The third step is to simply practice Sabbath and make time for it. Henri Nouwen wrote that we talk and think often about God, but our hearts are far from God (he called this notion the “crisis of our prayer life”). Eventually, we have to stop reading, talking, doing, and ministering. We have to put everything down and push everything aside . . .and simply do Sabbath…
“Be still and know that I am God.”
To add words to that verse is to realize that there is nothing more to say, to come upon “a different kind of failure” (T. S. Eliot).
III.
Exercise 1: Sit in silence for 5 minutes. Introduce time with music for several minutes and keep time thereafter (officially starting your 5 minutes) with an alarm clock (this keeps you from looking at your watch or a clock and lets you rest easy).
Exercise 2: Write down your weekly schedule for each hour of each day, Sunday through Saturday. Include routine activities and family/personal obligations. Do you pencil in Sabbath? If so, where?
Exercise 3: Consider these questions for reflection:
- Where do you lack Sabbath in your weekly schedule?
- How do you practice Sabbath? When?
- How does your family play a part in your Sabbath?
- What decisions and commitments do you need to make in order to reclaim Sabbath?
Resources:
Walter Brueggemann, The Word Militant: Preaching a Decentering World (Minneapolis: Fortress Press, 2010), p. 96.
Mark Burrows, “‘Raiding the Inarticulate’: Mysticism, Poetics, and Unlanguageable,” in Minding the Spirit, ed.
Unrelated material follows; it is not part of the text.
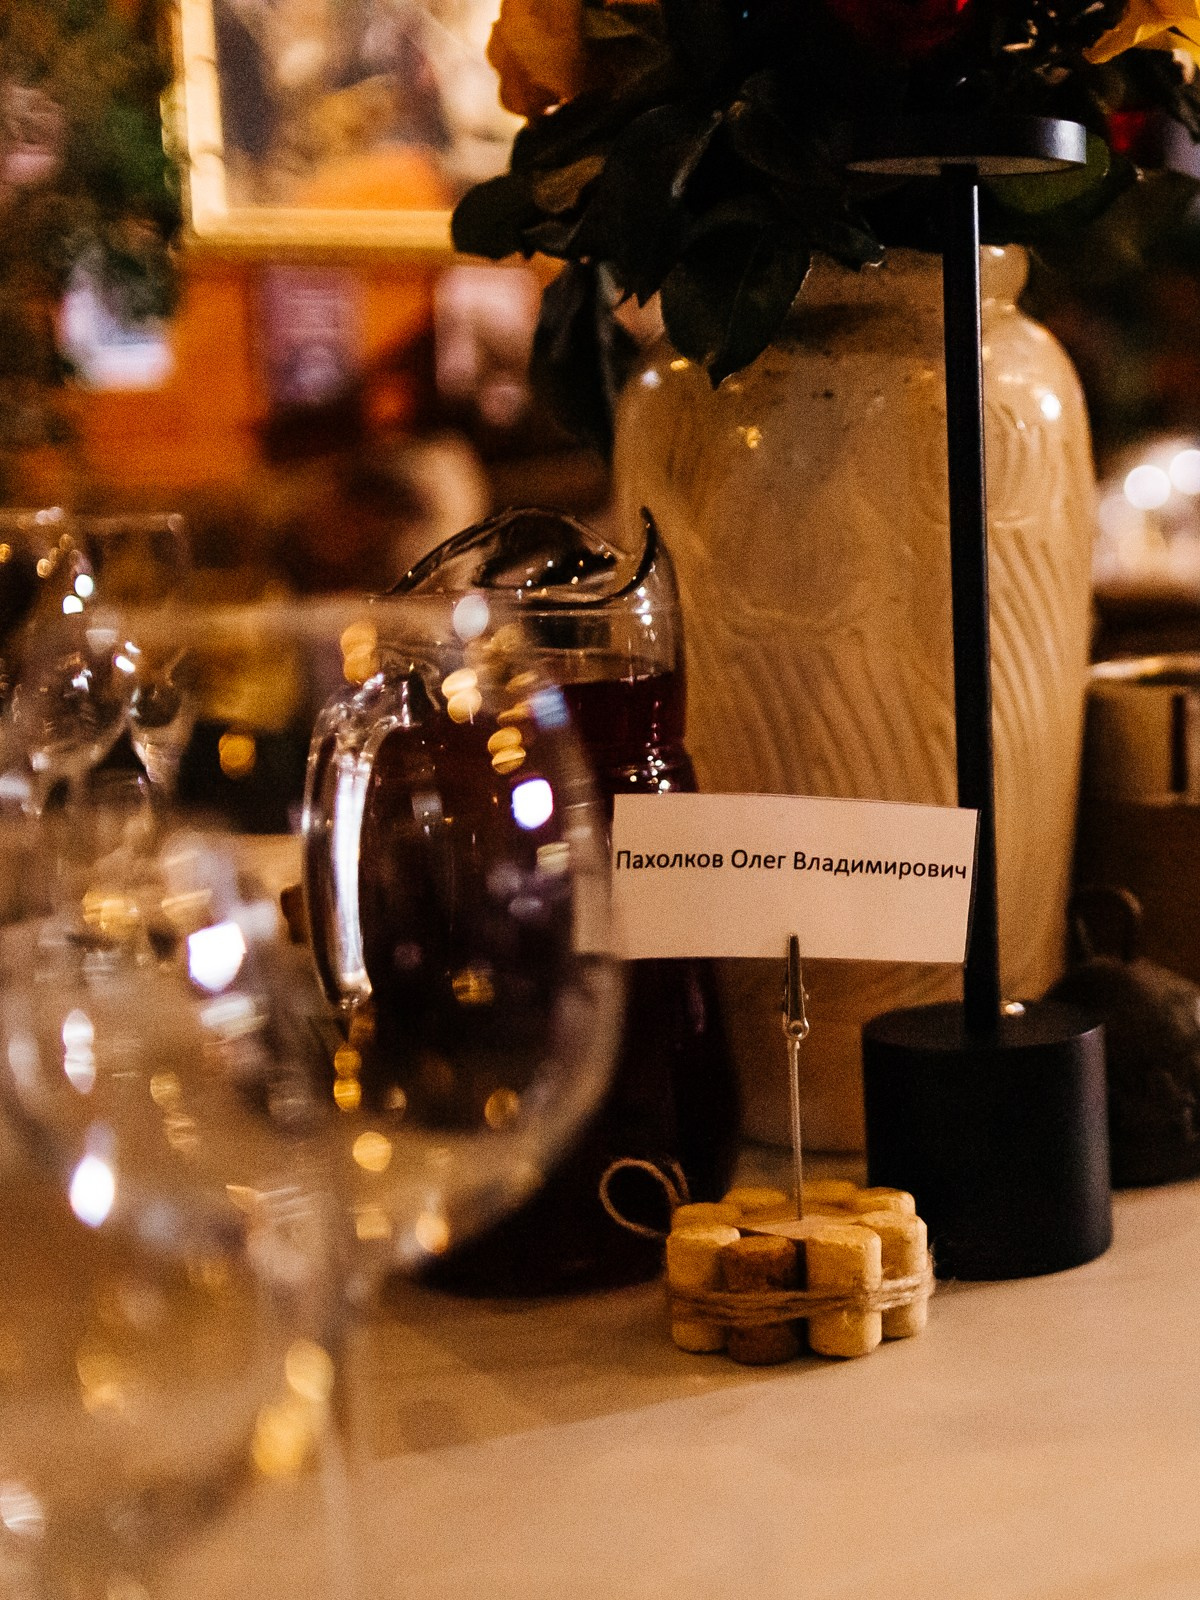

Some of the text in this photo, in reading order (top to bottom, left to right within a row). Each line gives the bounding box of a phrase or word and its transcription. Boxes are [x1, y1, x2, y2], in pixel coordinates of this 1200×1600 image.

Elizabeth Dreyer and Mark Burrows (Baltimore: John Hopkins University Press, 2005), p. 341-361. (All poetry cited in this article is from Burrow’s essay.)
Henri Nouwen, The Way of the Heart (New York: Ballantine, 1981).
Brother Lawrence, The Practice of the Presence of God (Grand Rapids: Baker, 1958).
(Author’s note: This was written for presentation at a pastor’s retreat, going on in mid-April 2013.)